-------- INPUT DATA --------

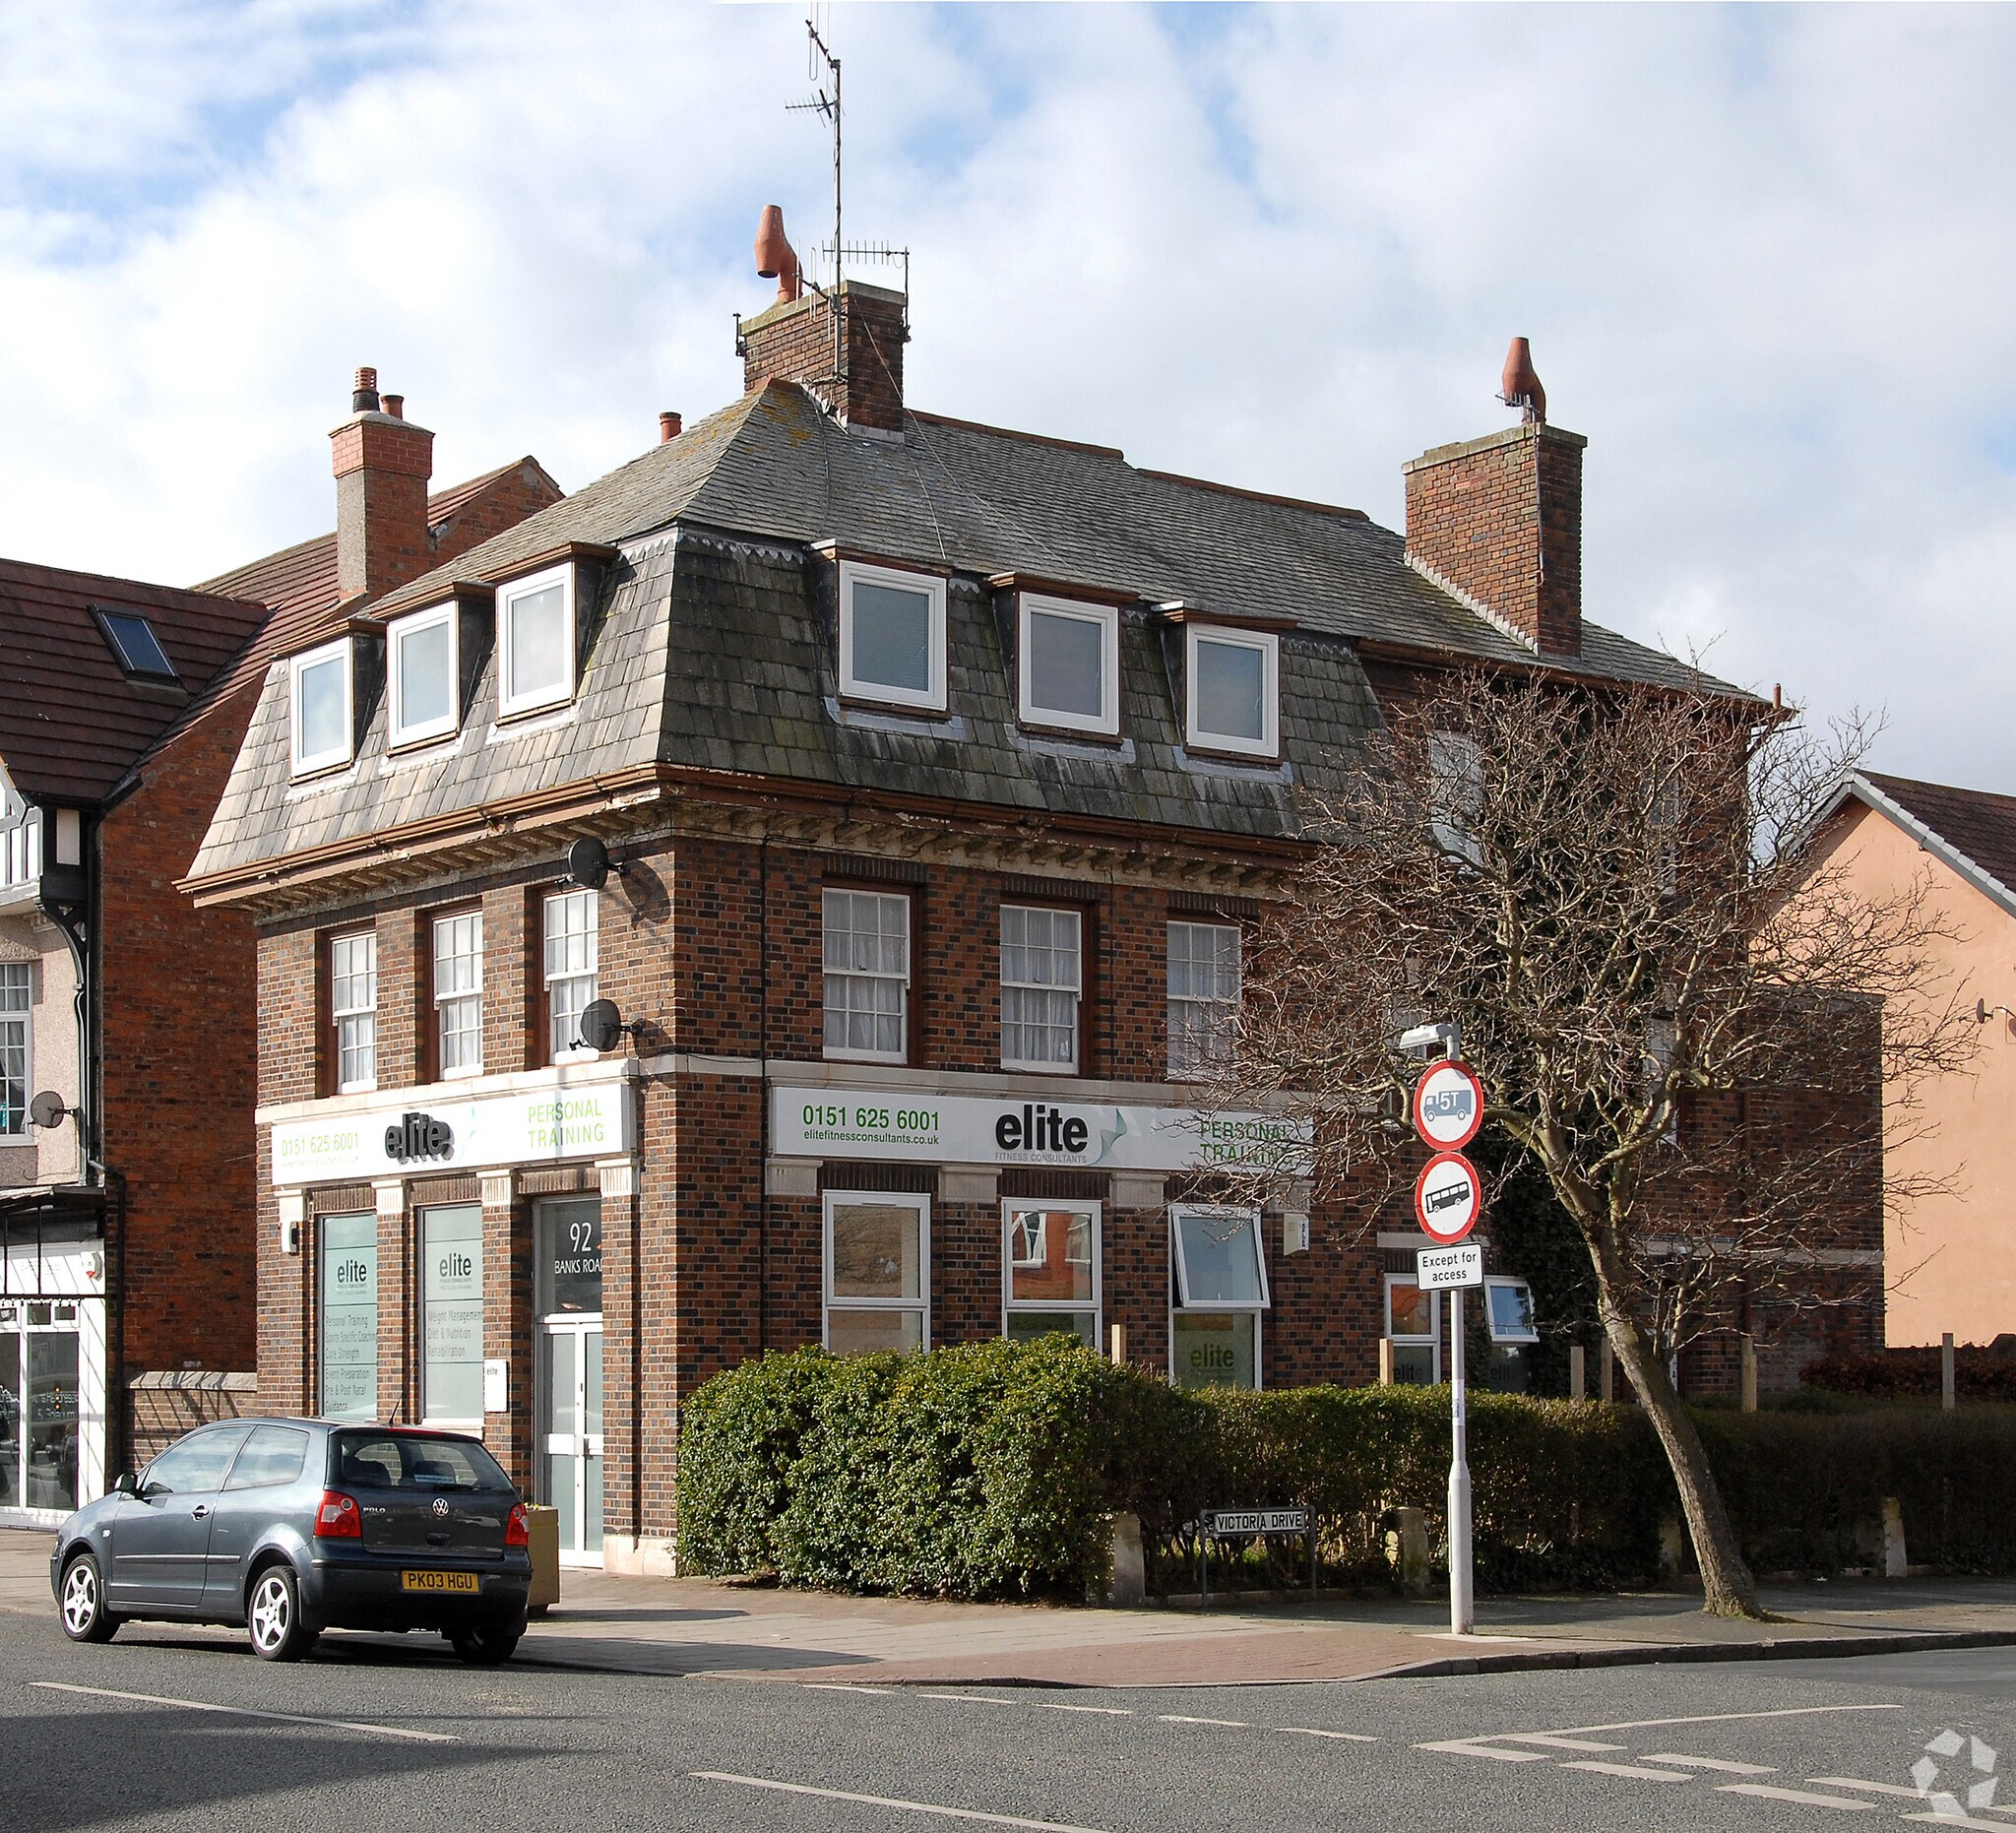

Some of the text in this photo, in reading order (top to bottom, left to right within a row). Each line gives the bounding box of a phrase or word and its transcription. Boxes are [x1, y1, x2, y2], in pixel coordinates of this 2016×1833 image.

[529, 1099, 602, 1123] PERSONAL
[802, 1105, 939, 1131] 0151 625 6001
[385, 1113, 453, 1160] elite
[529, 1123, 604, 1148] TRAINING
[803, 1129, 939, 1145] elitefitnessconsultants.co.uk
[995, 1104, 1088, 1153] elite
[282, 1131, 359, 1157] 0151 625 6001
[994, 1152, 1087, 1163] FITNESS CONSULTANTS
[569, 1222, 592, 1252] 92
[337, 1259, 367, 1283] elite
[439, 1252, 472, 1277] elite
[554, 1259, 581, 1274] BANKS
[1422, 1252, 1477, 1268] Except for
[1432, 1270, 1467, 1282] access
[347, 1314, 368, 1328] Training
[1191, 1343, 1234, 1366] elite
[1218, 1513, 1303, 1530] VICTORIA DRIVE
[408, 1572, 473, 1589] PK03 HGU
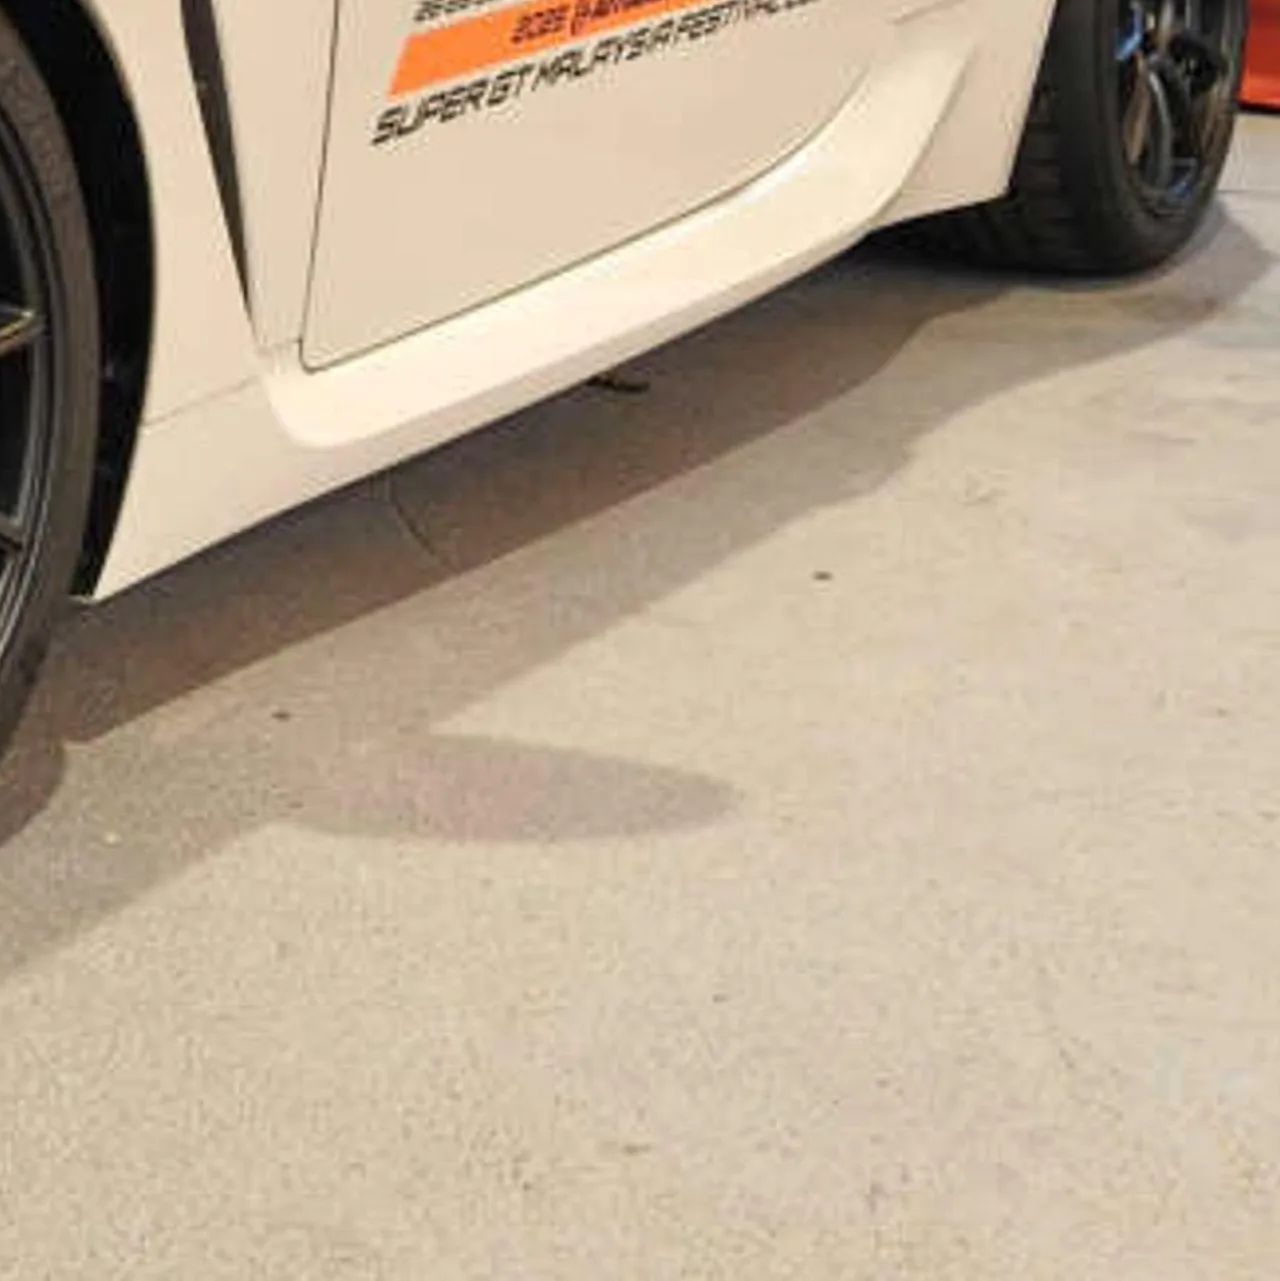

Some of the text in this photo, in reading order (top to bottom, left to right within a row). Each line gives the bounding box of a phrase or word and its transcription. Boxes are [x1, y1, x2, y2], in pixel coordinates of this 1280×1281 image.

[372, 78, 490, 144] SUPER
[487, 63, 537, 107] GT
[531, 20, 675, 93] MALAYSIA
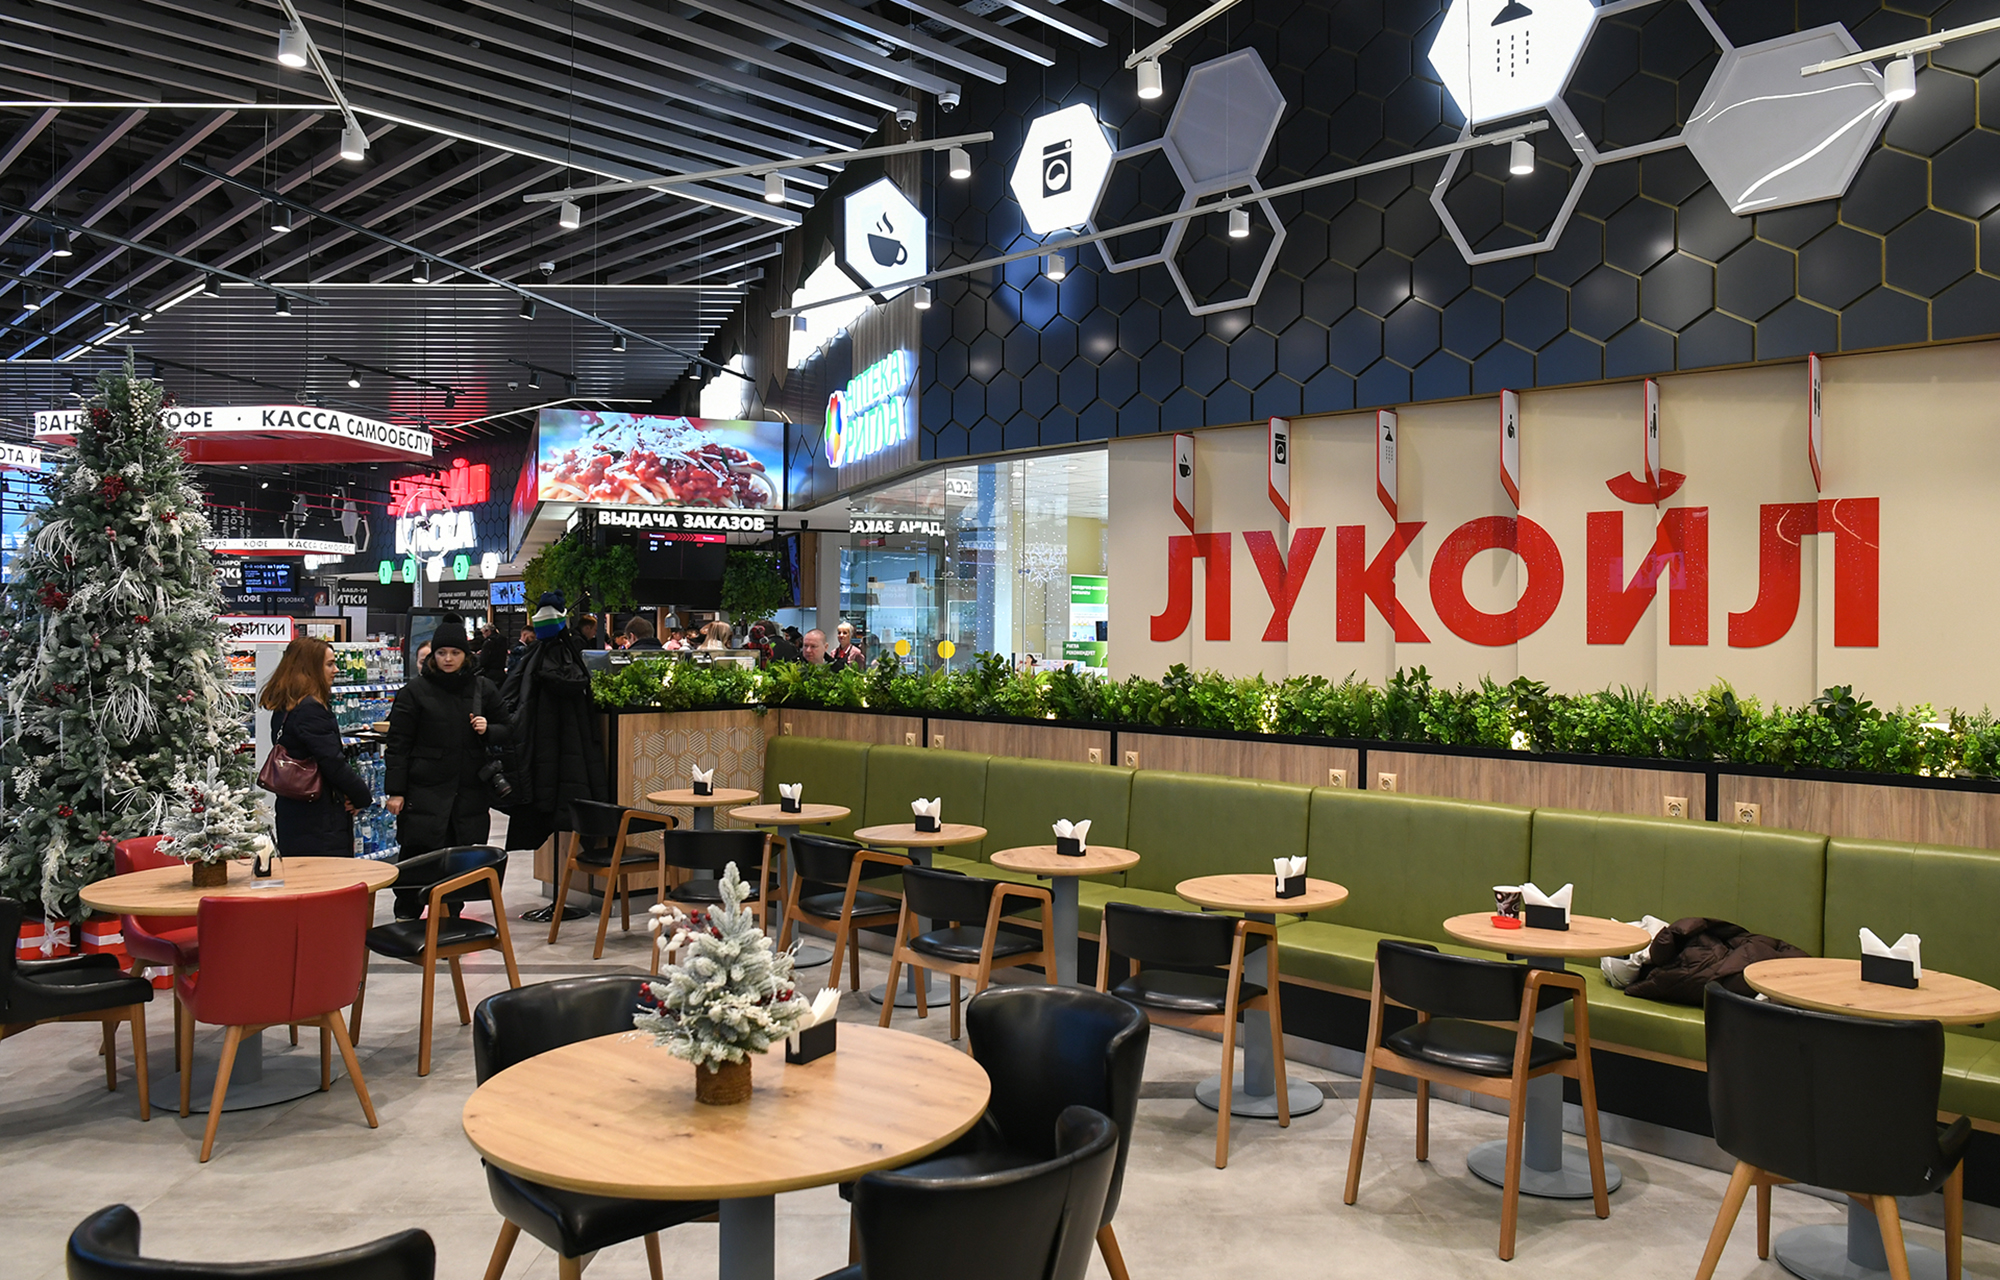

--------

WHAT IS BEING ASKED
Repeat the data word for word, minus any pictures.

TASK OUTPUT
Some of the text in this photo, in reading order (top to bottom, left to right within a row). Each line gives the bounding box of a phrase or word and its transcription. Boxes are [x1, y1, x2, y2], in pixel coordinates of this 2016×1833 image.

[529, 1099, 602, 1123] PERSONAL
[802, 1105, 939, 1131] 0151 625 6001
[385, 1113, 453, 1160] elite
[529, 1123, 604, 1148] TRAINING
[803, 1129, 939, 1145] elitefitnessconsultants.co.uk
[995, 1104, 1088, 1153] elite
[282, 1131, 359, 1157] 0151 625 6001
[994, 1152, 1087, 1163] FITNESS CONSULTANTS
[569, 1222, 592, 1252] 92
[337, 1259, 367, 1283] elite
[439, 1252, 472, 1277] elite
[554, 1259, 581, 1274] BANKS
[1422, 1252, 1477, 1268] Except for
[1432, 1270, 1467, 1282] access
[347, 1314, 368, 1328] Training
[1191, 1343, 1234, 1366] elite
[1218, 1513, 1303, 1530] VICTORIA DRIVE
[408, 1572, 473, 1589] PK03 HGU

Some of the text in this photo, in reading order (top to bottom, left to right within a row). Each line gives the bounding box of a phrase or word and its transcription. Boxes are [x1, y1, x2, y2], in pixel coordinates of this 1280×1281 image.

[372, 78, 490, 144] SUPER
[487, 63, 537, 107] GT
[531, 20, 675, 93] MALAYSIA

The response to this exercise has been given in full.